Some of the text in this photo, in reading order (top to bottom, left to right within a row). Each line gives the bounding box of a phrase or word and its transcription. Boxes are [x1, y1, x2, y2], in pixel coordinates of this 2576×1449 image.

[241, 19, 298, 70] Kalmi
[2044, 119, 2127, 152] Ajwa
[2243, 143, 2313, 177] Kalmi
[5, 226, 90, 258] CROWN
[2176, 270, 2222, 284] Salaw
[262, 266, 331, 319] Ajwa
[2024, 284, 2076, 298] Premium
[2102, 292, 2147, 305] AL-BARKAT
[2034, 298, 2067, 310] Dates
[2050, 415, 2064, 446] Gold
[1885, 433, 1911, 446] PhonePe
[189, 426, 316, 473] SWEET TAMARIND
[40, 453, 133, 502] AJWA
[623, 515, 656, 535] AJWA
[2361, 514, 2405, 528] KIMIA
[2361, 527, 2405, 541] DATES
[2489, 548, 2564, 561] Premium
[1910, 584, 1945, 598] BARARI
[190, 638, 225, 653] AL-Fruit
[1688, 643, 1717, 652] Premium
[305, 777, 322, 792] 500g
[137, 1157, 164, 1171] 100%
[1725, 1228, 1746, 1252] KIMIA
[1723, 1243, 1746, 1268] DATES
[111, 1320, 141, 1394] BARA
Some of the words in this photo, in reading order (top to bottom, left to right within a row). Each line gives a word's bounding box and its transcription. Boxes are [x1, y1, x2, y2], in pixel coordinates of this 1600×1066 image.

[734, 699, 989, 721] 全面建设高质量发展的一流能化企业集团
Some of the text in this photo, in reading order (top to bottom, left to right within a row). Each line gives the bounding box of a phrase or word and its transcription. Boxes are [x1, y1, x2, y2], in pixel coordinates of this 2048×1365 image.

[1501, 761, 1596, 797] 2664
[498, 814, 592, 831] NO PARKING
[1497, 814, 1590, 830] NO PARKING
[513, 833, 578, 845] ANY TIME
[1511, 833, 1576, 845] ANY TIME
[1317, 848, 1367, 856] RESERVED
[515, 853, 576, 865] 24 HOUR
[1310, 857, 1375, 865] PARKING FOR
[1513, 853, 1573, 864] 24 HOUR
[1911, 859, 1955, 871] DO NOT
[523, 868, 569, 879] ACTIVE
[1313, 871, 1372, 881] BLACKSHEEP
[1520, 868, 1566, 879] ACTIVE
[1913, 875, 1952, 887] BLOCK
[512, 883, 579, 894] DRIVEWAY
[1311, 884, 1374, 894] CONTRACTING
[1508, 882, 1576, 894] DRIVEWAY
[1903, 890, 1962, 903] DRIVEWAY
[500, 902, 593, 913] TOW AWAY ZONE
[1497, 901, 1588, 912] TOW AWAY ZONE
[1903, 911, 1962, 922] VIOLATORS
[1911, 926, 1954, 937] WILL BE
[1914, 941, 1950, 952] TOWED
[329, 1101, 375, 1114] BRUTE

Exercise prompt:
One line above contains "Some of the words". Output that line and each one after it, word for word, and nothing else.

Problem solution:
Some of the words in this photo, in reading order (top to bottom, left to right within a row). Each line gives a word's bounding box and its transcription. Boxes are [x1, y1, x2, y2], in pixel coordinates of this 1600×1066 image.

[734, 699, 989, 721] 全面建设高质量发展的一流能化企业集团
Some of the text in this photo, in reading order (top to bottom, left to right within a row). Each line gives the bounding box of a phrase or word and its transcription. Boxes are [x1, y1, x2, y2], in pixel coordinates of this 2048×1365 image.

[1501, 761, 1596, 797] 2664
[498, 814, 592, 831] NO PARKING
[1497, 814, 1590, 830] NO PARKING
[513, 833, 578, 845] ANY TIME
[1511, 833, 1576, 845] ANY TIME
[1317, 848, 1367, 856] RESERVED
[515, 853, 576, 865] 24 HOUR
[1310, 857, 1375, 865] PARKING FOR
[1513, 853, 1573, 864] 24 HOUR
[1911, 859, 1955, 871] DO NOT
[523, 868, 569, 879] ACTIVE
[1313, 871, 1372, 881] BLACKSHEEP
[1520, 868, 1566, 879] ACTIVE
[1913, 875, 1952, 887] BLOCK
[512, 883, 579, 894] DRIVEWAY
[1311, 884, 1374, 894] CONTRACTING
[1508, 882, 1576, 894] DRIVEWAY
[1903, 890, 1962, 903] DRIVEWAY
[500, 902, 593, 913] TOW AWAY ZONE
[1497, 901, 1588, 912] TOW AWAY ZONE
[1903, 911, 1962, 922] VIOLATORS
[1911, 926, 1954, 937] WILL BE
[1914, 941, 1950, 952] TOWED
[329, 1101, 375, 1114] BRUTE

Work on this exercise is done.